** TO DO **
Write down exactly the line where "Some of the text" occurs and every line that follows it through the end of the material below; include nothing else.
• • • • • • •
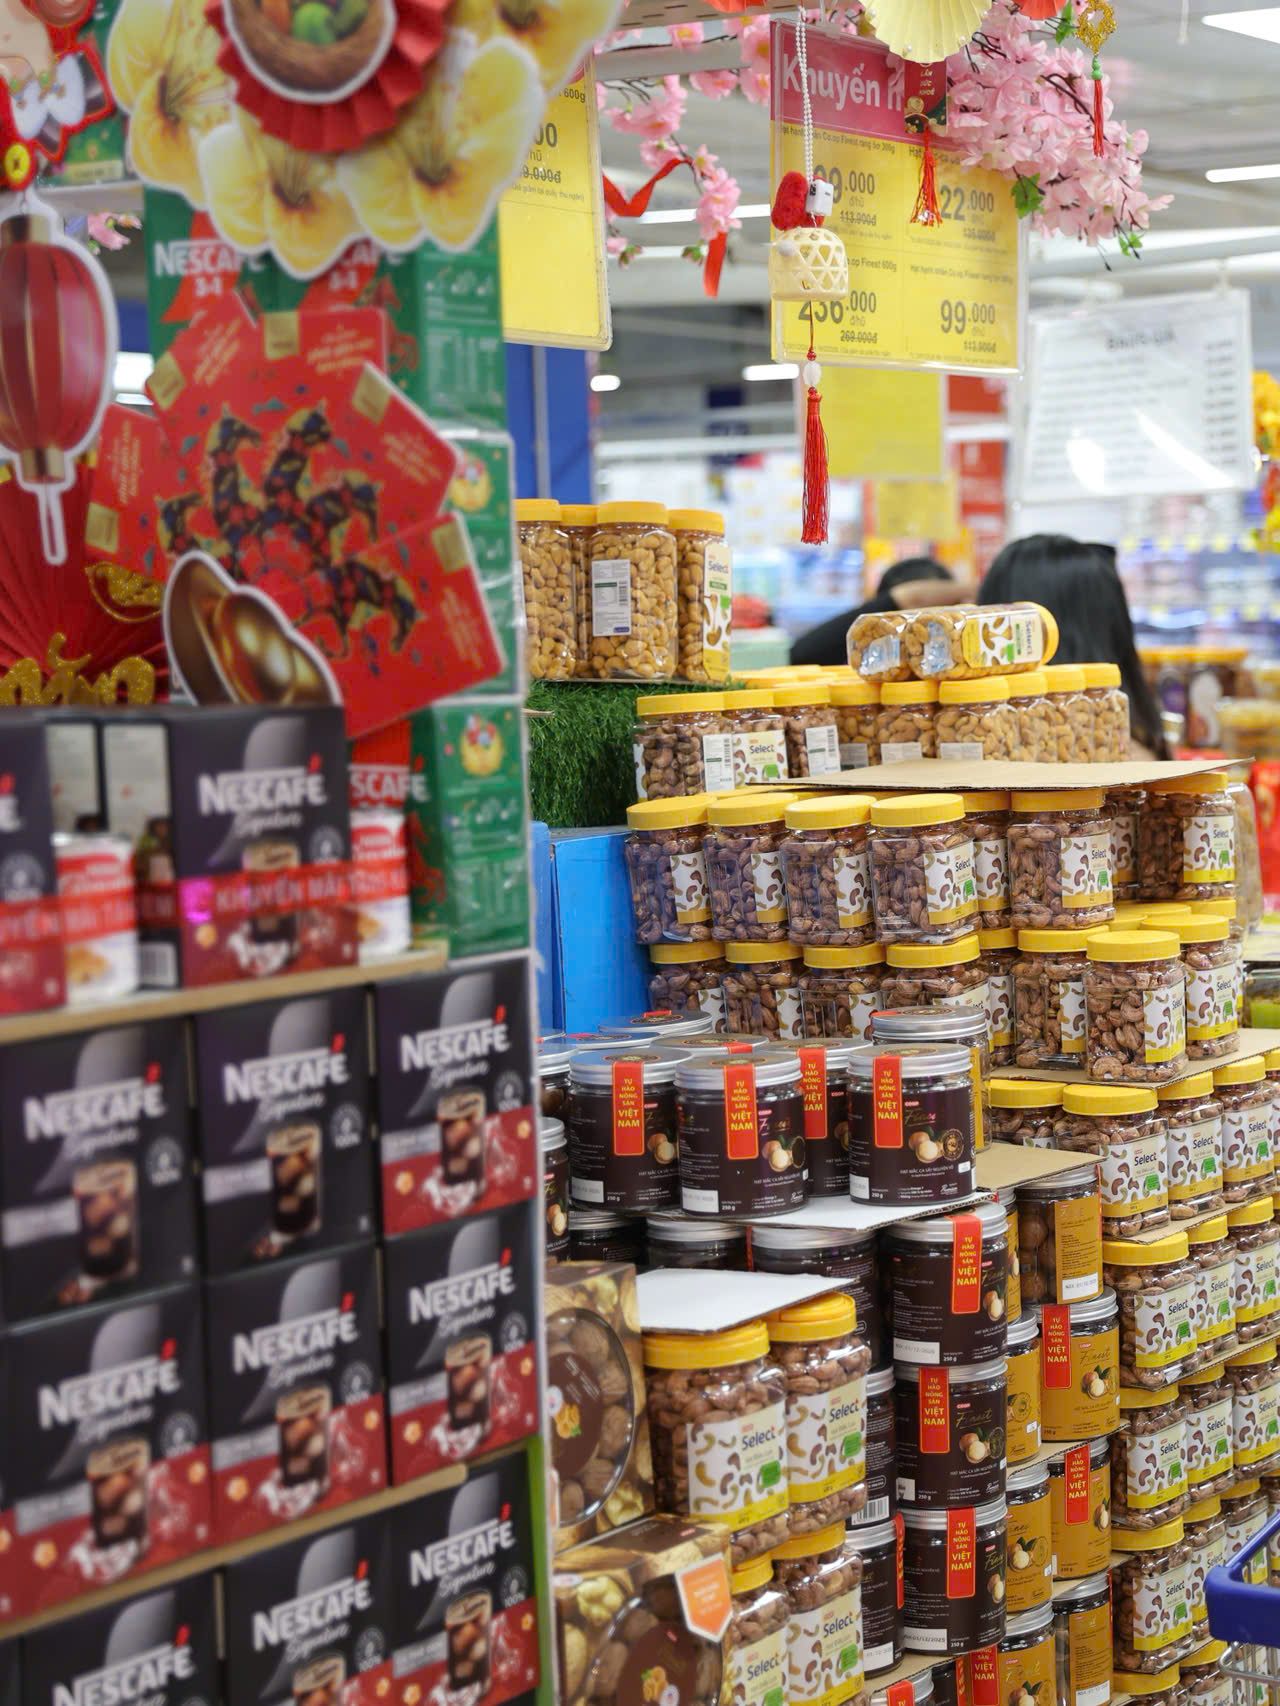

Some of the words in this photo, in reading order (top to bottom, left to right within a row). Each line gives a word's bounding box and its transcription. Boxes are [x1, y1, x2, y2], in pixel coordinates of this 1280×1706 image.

[564, 88, 586, 103] 600g
[940, 299, 996, 335] 99.000
[749, 744, 775, 755] Select
[350, 755, 431, 804] SCAFÉ
[1213, 829, 1230, 839] Select
[1092, 849, 1107, 860] Select
[955, 860, 971, 872] Select
[1217, 981, 1231, 992] Select
[878, 1101, 897, 1111] VIỆT
[618, 1109, 638, 1119] VIỆT
[731, 1112, 751, 1123] VIỆT
[731, 1123, 753, 1131] NAM
[1249, 1120, 1267, 1133] Select
[1193, 1136, 1214, 1149] Select
[1134, 1152, 1157, 1166] Select
[1256, 1258, 1275, 1272] Select
[958, 1267, 977, 1277] VIỆT
[957, 1277, 977, 1285] NAM
[1210, 1278, 1230, 1292] Select
[1168, 1300, 1189, 1315] Select
[1048, 1346, 1066, 1355] VIỆT
[829, 1399, 859, 1423] Select
[1258, 1398, 1276, 1413] Select
[924, 1407, 944, 1417] VIỆT
[1207, 1417, 1227, 1433] Select
[742, 1425, 776, 1451] Select
[1160, 1440, 1180, 1455] Select
[1069, 1480, 1086, 1489] VIỆT
[1068, 1491, 1087, 1499] NAM
[953, 1535, 970, 1543] NÔNG
[952, 1552, 971, 1561] VIỆT
[1206, 1552, 1223, 1568] Select
[951, 1562, 972, 1571] NAM
[1166, 1581, 1186, 1598] Select
[823, 1610, 854, 1639] Select
[747, 1652, 780, 1681] Select
[975, 1663, 993, 1672] VIỆT
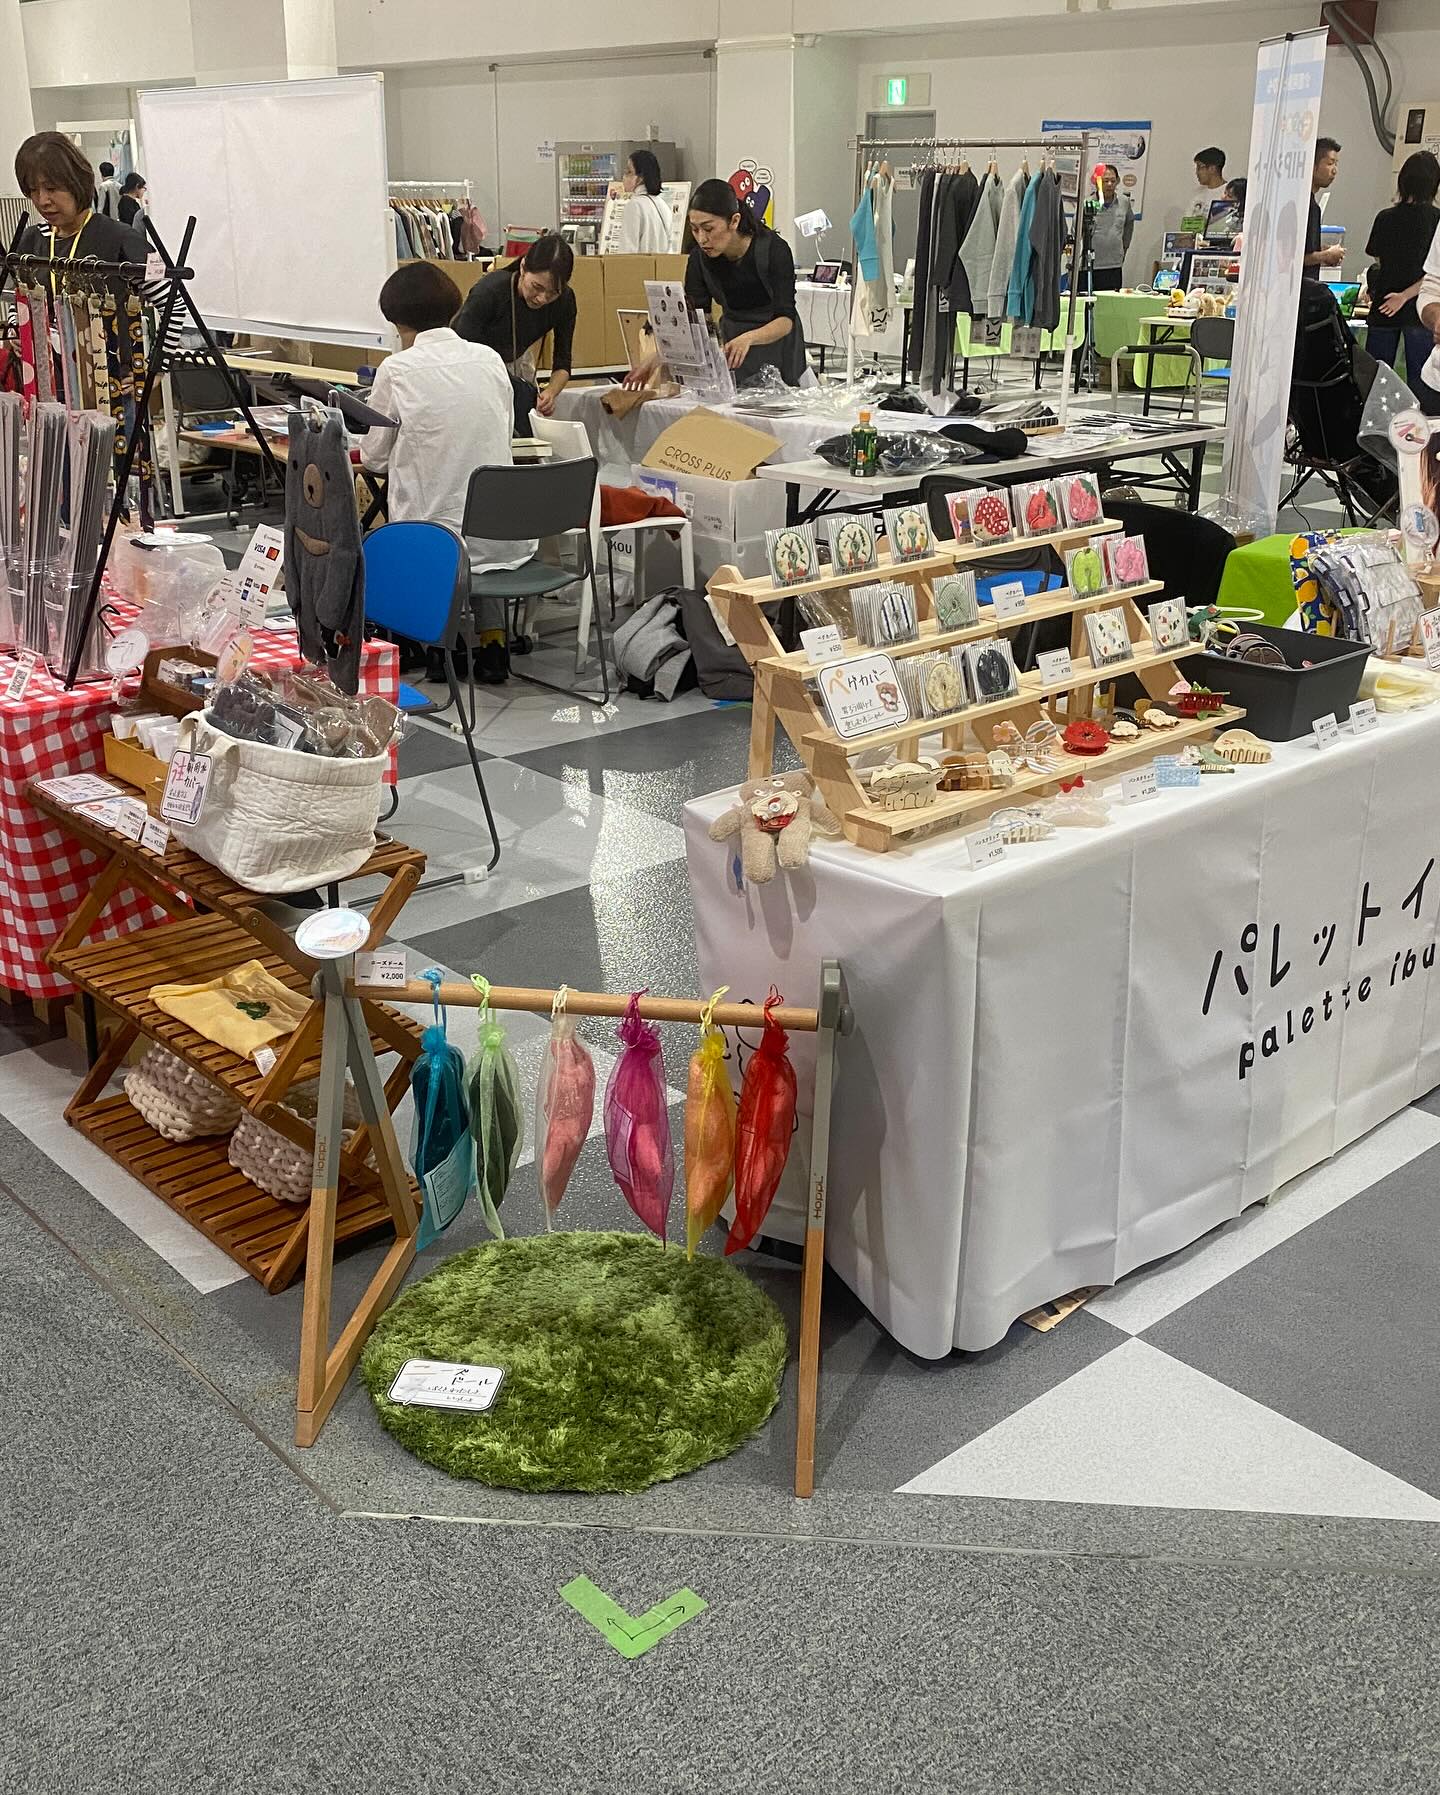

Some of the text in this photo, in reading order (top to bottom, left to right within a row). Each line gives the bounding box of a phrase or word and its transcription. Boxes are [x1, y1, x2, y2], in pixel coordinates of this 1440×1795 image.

[664, 446, 731, 480] CROSS PLUS
[254, 543, 266, 555] VISA
[1201, 858, 1435, 1015] パレットイ
[381, 972, 404, 980] ¥2,000
[1238, 942, 1436, 1081] palette ibu
• • • • • • •
** SOLUTION TO THIS TASK **
Some of the text in this photo, in reading order (top to bottom, left to right within a row). Each line gives the bounding box of a phrase or word and its transcription. Boxes are [x1, y1, x2, y2], in pixel coordinates of this 1440×1795 image.

[664, 446, 731, 480] CROSS PLUS
[254, 543, 266, 555] VISA
[1201, 858, 1435, 1015] パレットイ
[381, 972, 404, 980] ¥2,000
[1238, 942, 1436, 1081] palette ibu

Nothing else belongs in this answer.